Antitrust Law Daily Concert promoters’ tying, monopolization claims properly cut
Friday, February 5, 2016

Concert promoters’ tying, monopolization claims properly cut

By Greg Hammond, J.D.

Local promoters in the concert industry failed to demonstrate material issues of fact that national promoter Live Nation, Inc. engaged in unlawful tying and monopolization in the promotion and venue services markets, in violation of the Sherman Act and Maryland Antitrust Act, the U.S. Court of Appeals in Richmond, Virginia, has affirmed. The promoters failed to adequately identify the relevant markets or demonstrate any anticompetitive conduct (It’s My Party, Inc. v. Live Nation, Inc., February 4, 2016, Wilkinson, J.).

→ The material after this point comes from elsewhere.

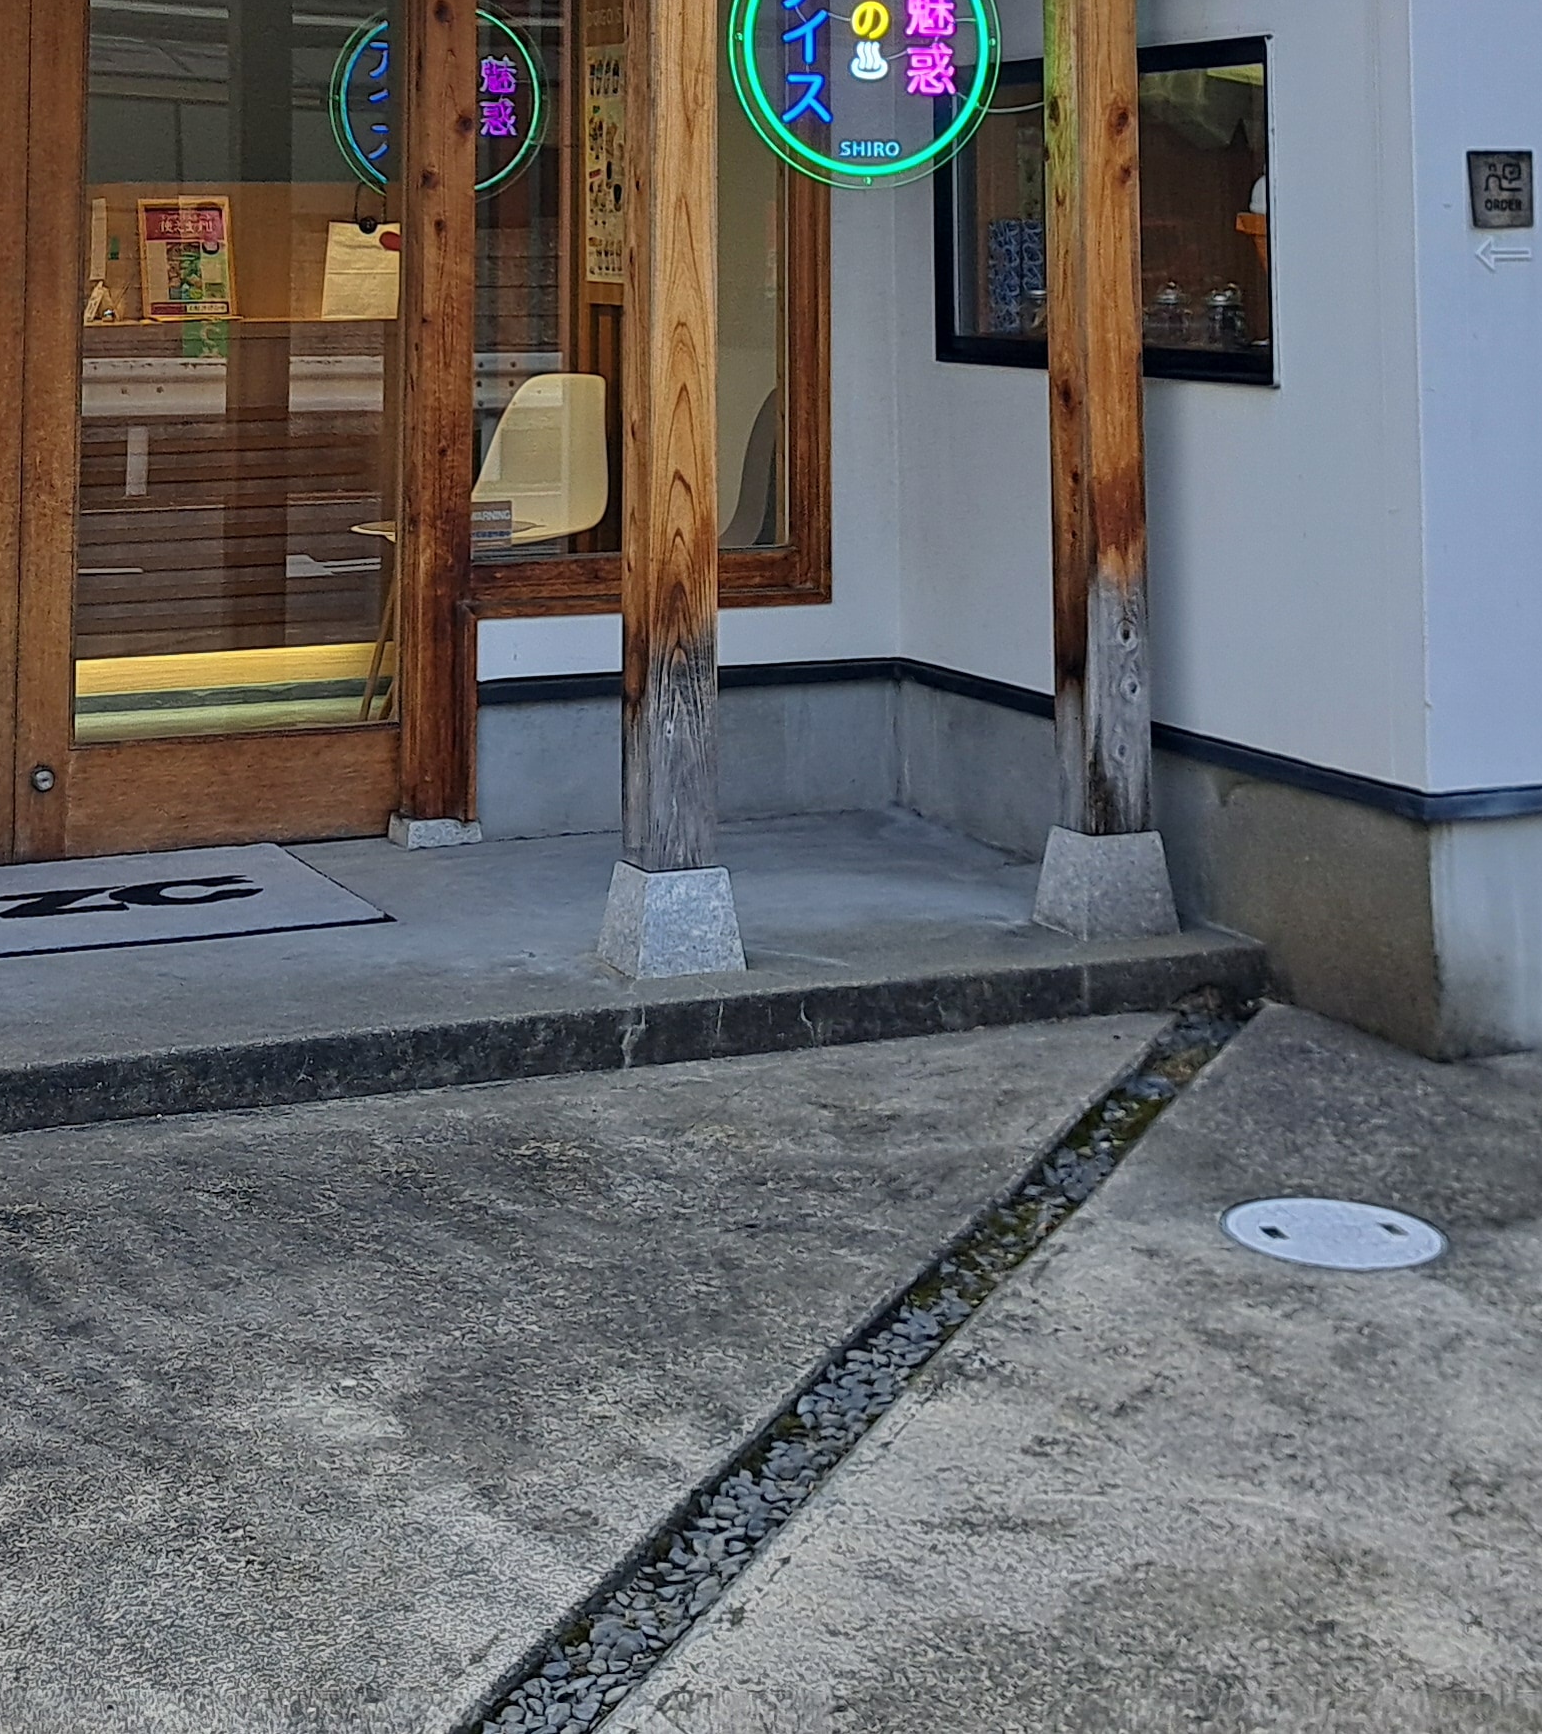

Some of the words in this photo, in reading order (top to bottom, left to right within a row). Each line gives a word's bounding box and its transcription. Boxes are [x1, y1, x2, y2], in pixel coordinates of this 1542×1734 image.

[851, 0, 889, 40] の
[479, 55, 517, 137] 魅惑
[839, 141, 900, 158] SHIRO
[1484, 198, 1523, 213] ORDER

It’s My Party, Inc. and It’s My Amphitheatre, Inc. are local promoters in the Baltimore and Washington, D.C. markets. Similarly, Live Nation, Inc. is a global business that has promoted more than 2,000 artists at venues across the United States and the world. It’s My Party and It’s My Amphitheatre are appealing an order for summary judgment entered by the federal district court in Baltimore that disposed of the companies’ unlawful tying and monopolization claims with regard to venues and promotion services.

Lack of relevant market. The appellate court first agreed that It’s My Party failed to identify a relevant market for concert promotion because it characterized the market as national rather than local. The relevant competition, according to the court, was between It’s My Party and Live Nation for the Washington-Baltimore area.

The definition of the venue market was similarly defective, the court decided. In particular, It’s My Party confined the market to “major amphitheaters”—while excluding clubs, arenas, stadiums, and other venues—and further specified that amphitheaters must have a capacity of 8,000 or more, actually sell 8,000 or more tickets, and be in use from only May to September. The court noted that this approach left only two venues in the Washington-Baltimore area—the two venues at issue in the instant dispute. In addition, It’s My Party failed to adequately consider cross-elasticity of demand between the two types of venues—amphitheaters and non-amphitheaters—and therefore failed to carry its burden of demonstrating that amphitheaters were the only place certain artists were willing to perform, irrespective of the monetary or logistical advantages of other concert locations.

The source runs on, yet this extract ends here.